**Spatial localization data:**
-------------------------

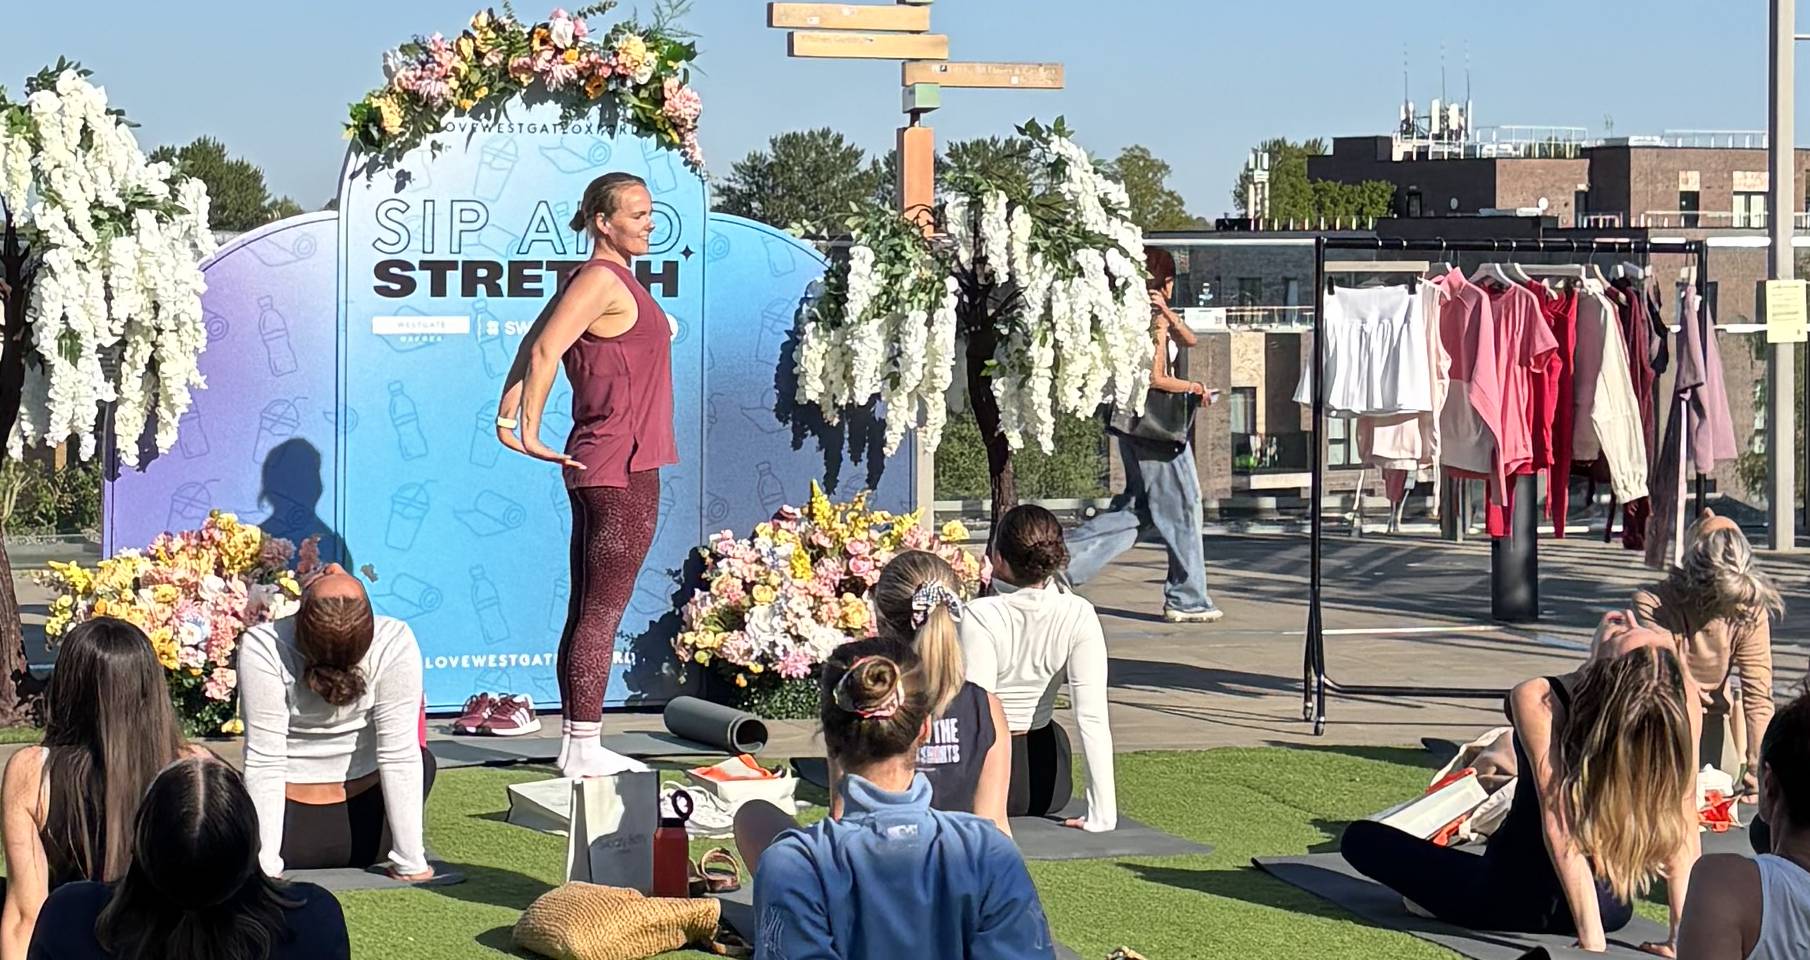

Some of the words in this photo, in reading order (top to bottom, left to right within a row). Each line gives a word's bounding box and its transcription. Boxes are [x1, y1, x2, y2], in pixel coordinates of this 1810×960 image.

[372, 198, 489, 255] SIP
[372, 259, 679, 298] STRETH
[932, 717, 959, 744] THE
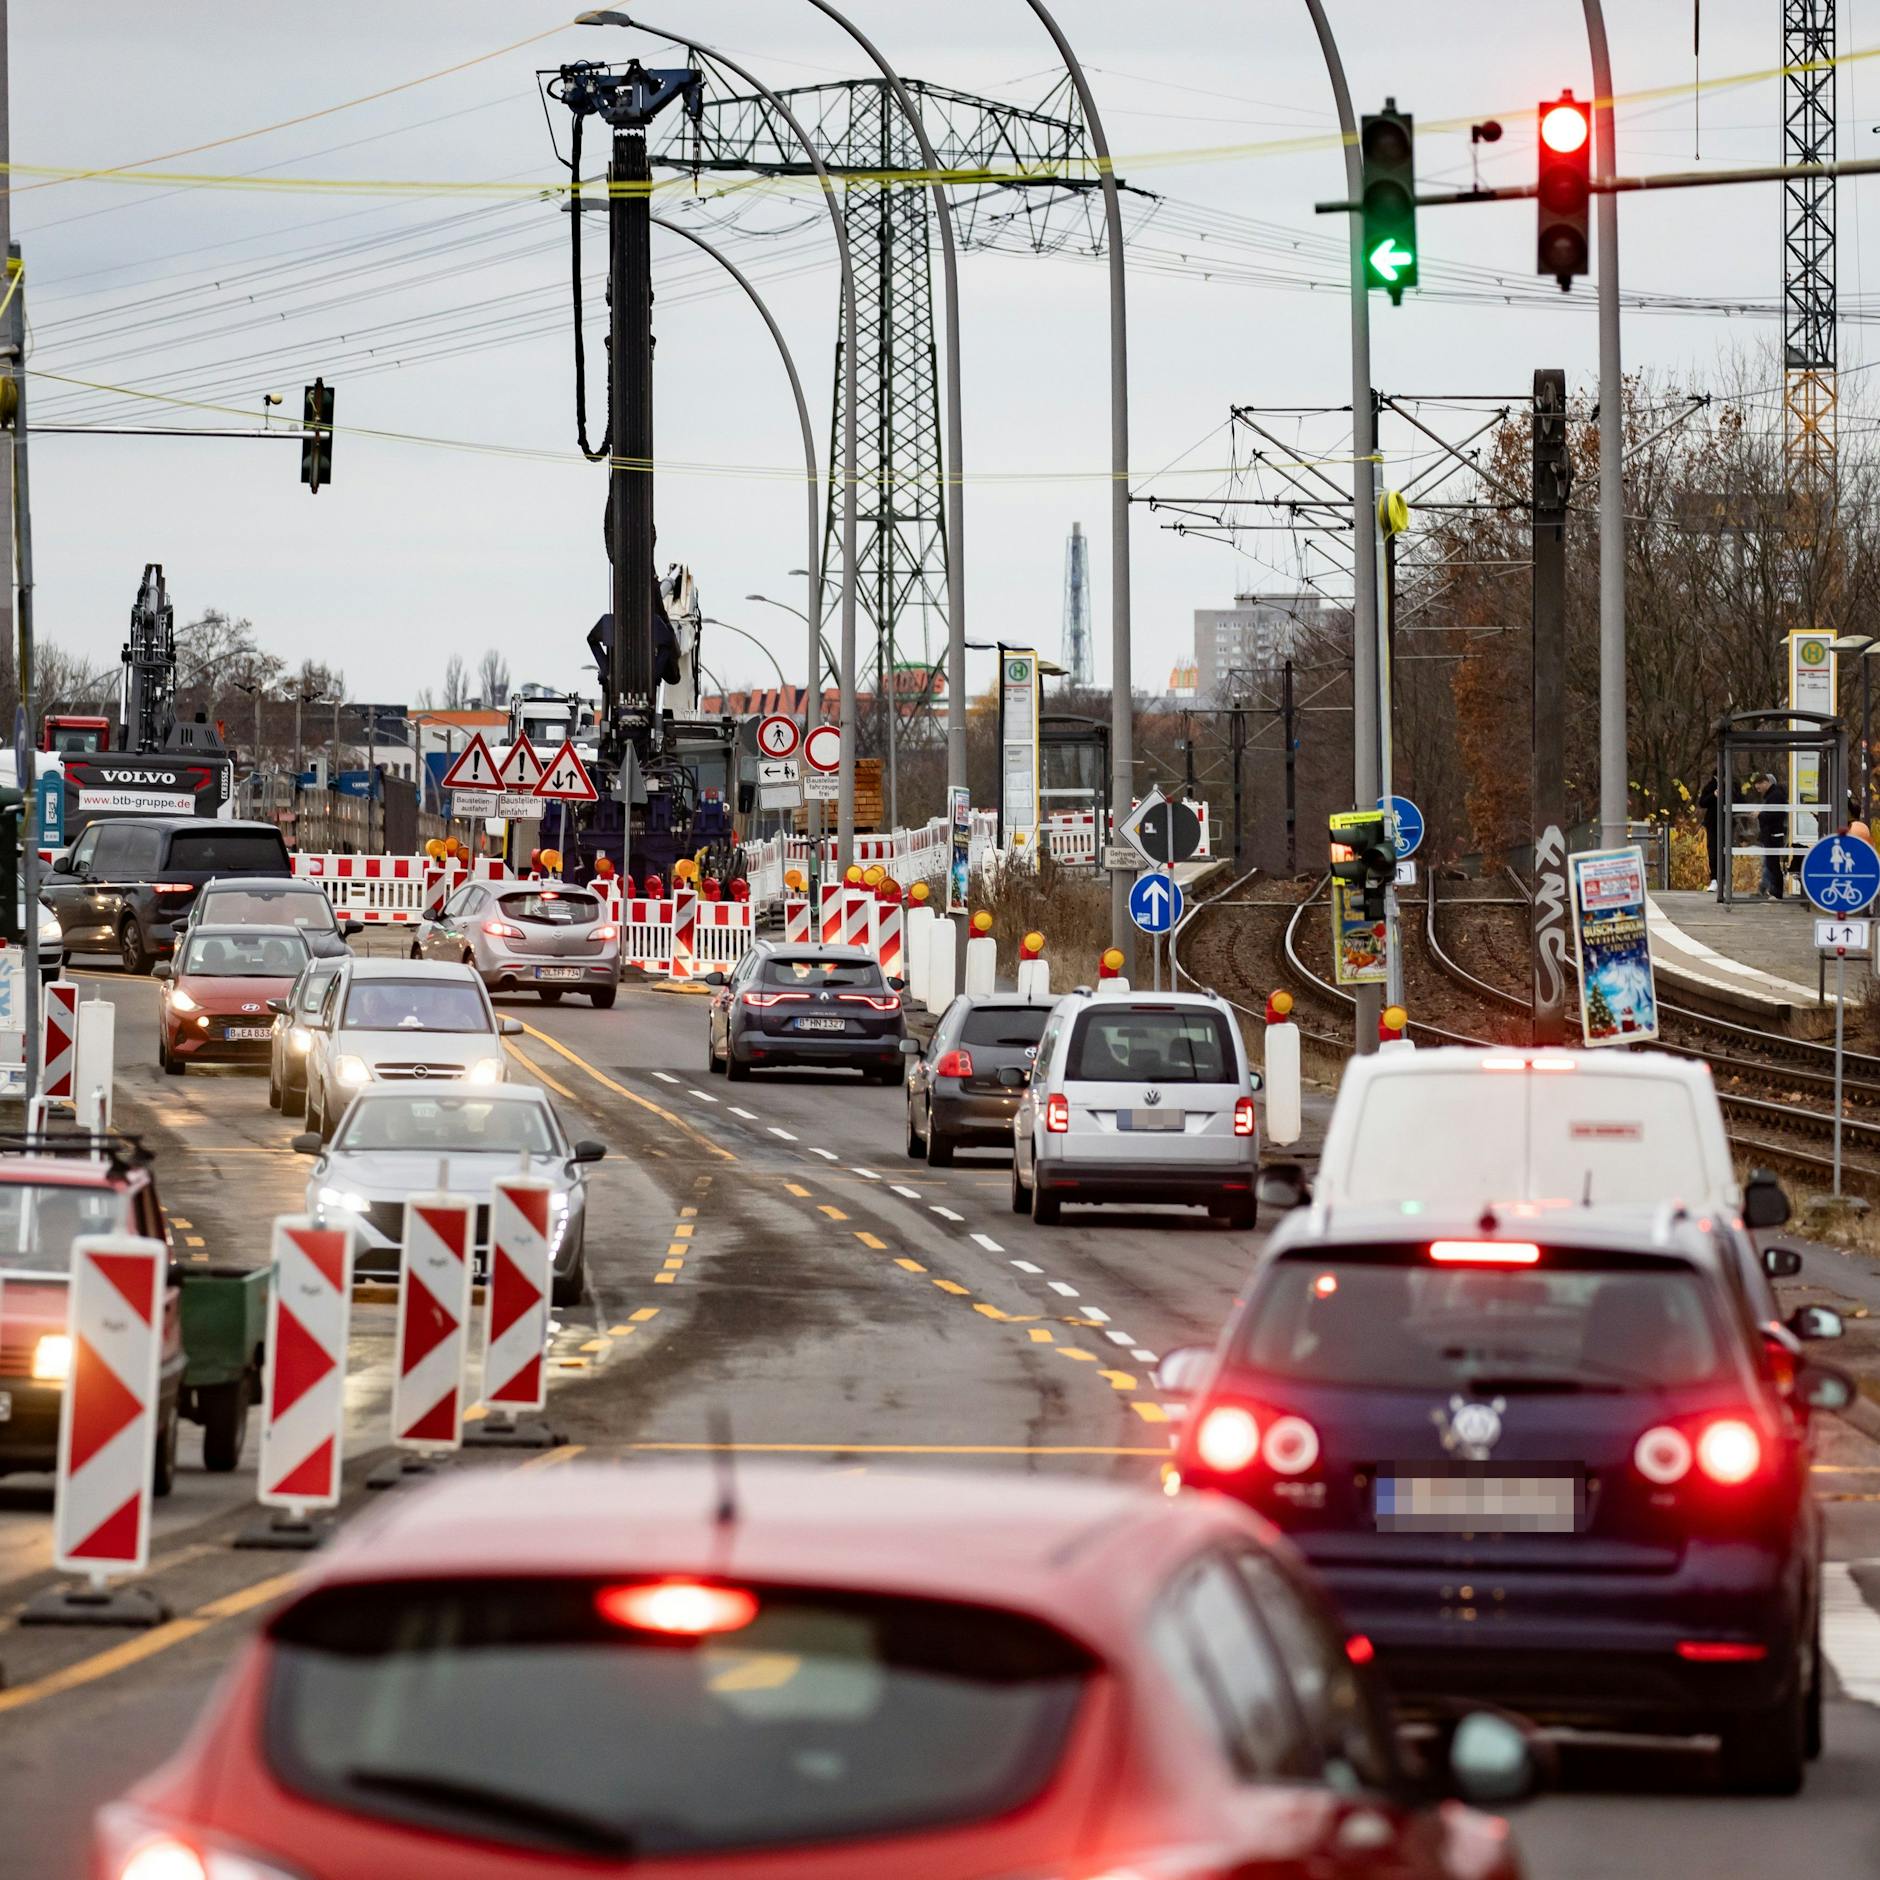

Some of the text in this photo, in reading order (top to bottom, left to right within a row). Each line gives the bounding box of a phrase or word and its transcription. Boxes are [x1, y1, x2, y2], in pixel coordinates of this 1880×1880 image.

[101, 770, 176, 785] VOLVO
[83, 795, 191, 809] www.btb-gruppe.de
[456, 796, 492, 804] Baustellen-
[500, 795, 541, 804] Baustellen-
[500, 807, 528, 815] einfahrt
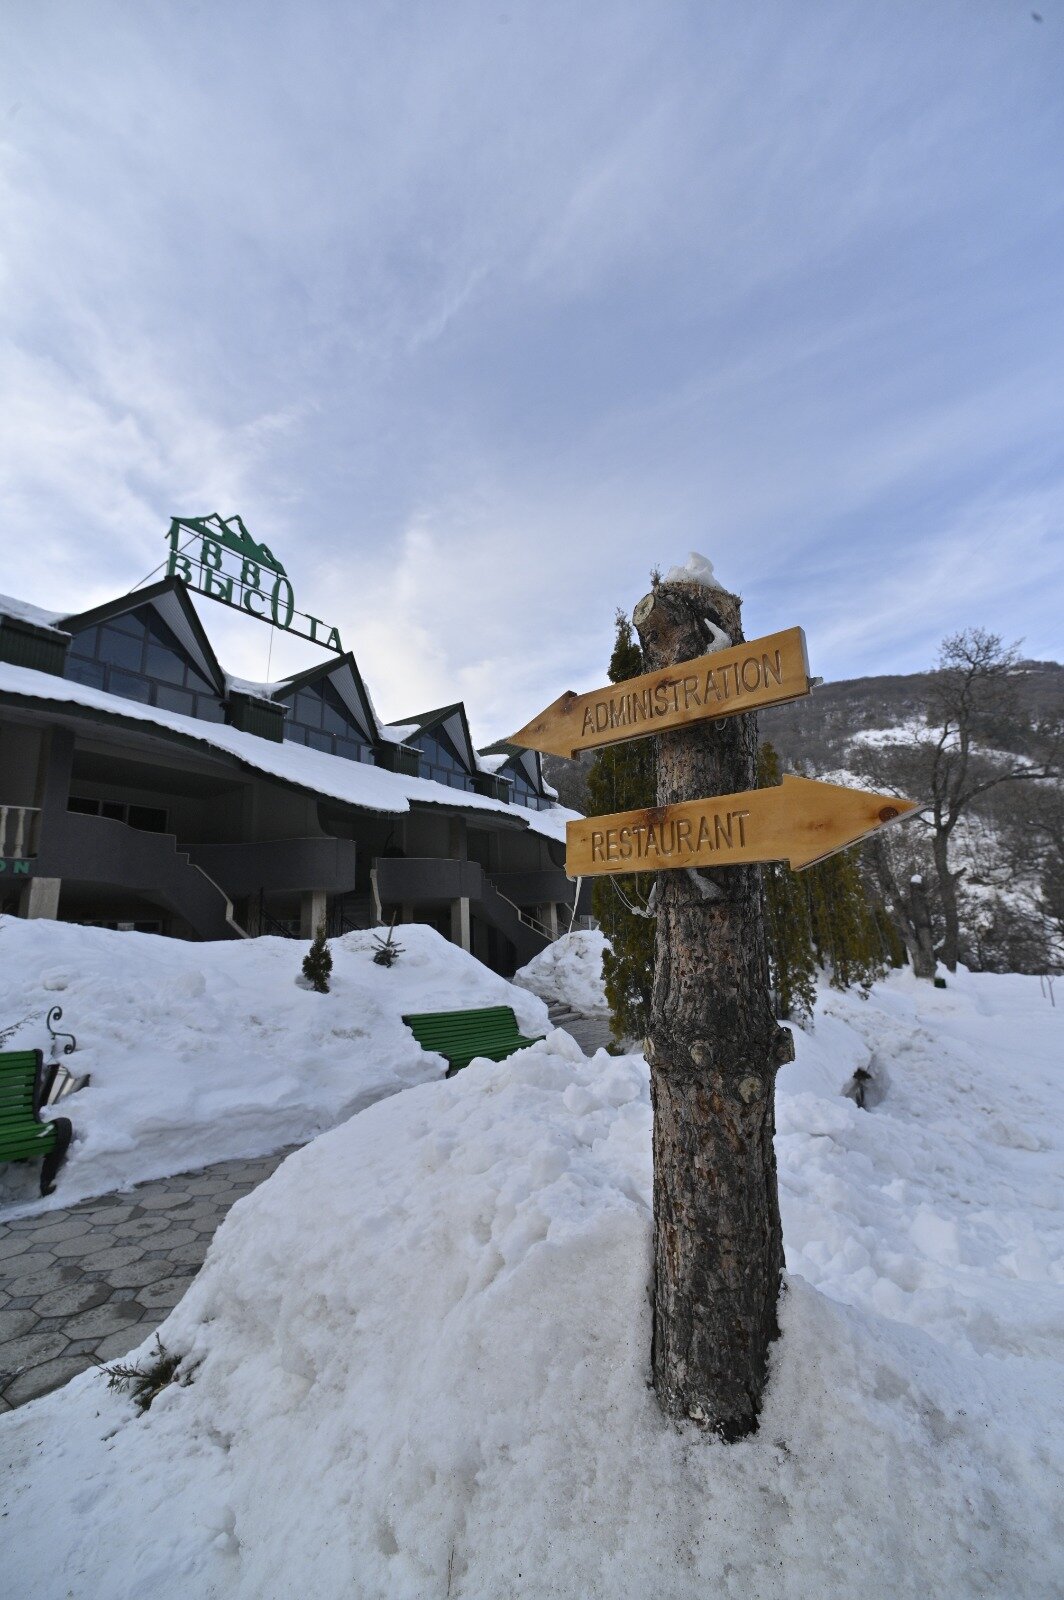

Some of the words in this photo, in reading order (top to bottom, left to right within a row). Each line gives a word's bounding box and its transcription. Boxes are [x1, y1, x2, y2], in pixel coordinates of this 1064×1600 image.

-------------------------

**WHAT IS EXPECTED:** Leave the images behind and write out every entry exactly.

**RESULT:**
Some of the words in this photo, in reading order (top to bottom, left to right within a row). Each line gives a word's bounding box and its transcription. Boxes are [x1, y1, x2, y2], in pixel coordinates of this 1810×960 image.

[372, 198, 489, 255] SIP
[372, 259, 679, 298] STRETH
[932, 717, 959, 744] THE

Some of the text in this photo, in reading order (top to bottom, left to right within a row). Each line gives the bounding box of a phrase or word and its transcription. Boxes are [x1, y1, x2, y2], in pixel coordinates of this 1880×1880 image.

[101, 770, 176, 785] VOLVO
[83, 795, 191, 809] www.btb-gruppe.de
[456, 796, 492, 804] Baustellen-
[500, 795, 541, 804] Baustellen-
[500, 807, 528, 815] einfahrt

Some of the words in this photo, in reading order (top to bottom, left to right within a row). Each line gives a word's bounding box and its transcription. Boxes are [x1, y1, x2, y2], in pixel coordinates of this 1064×1600 image.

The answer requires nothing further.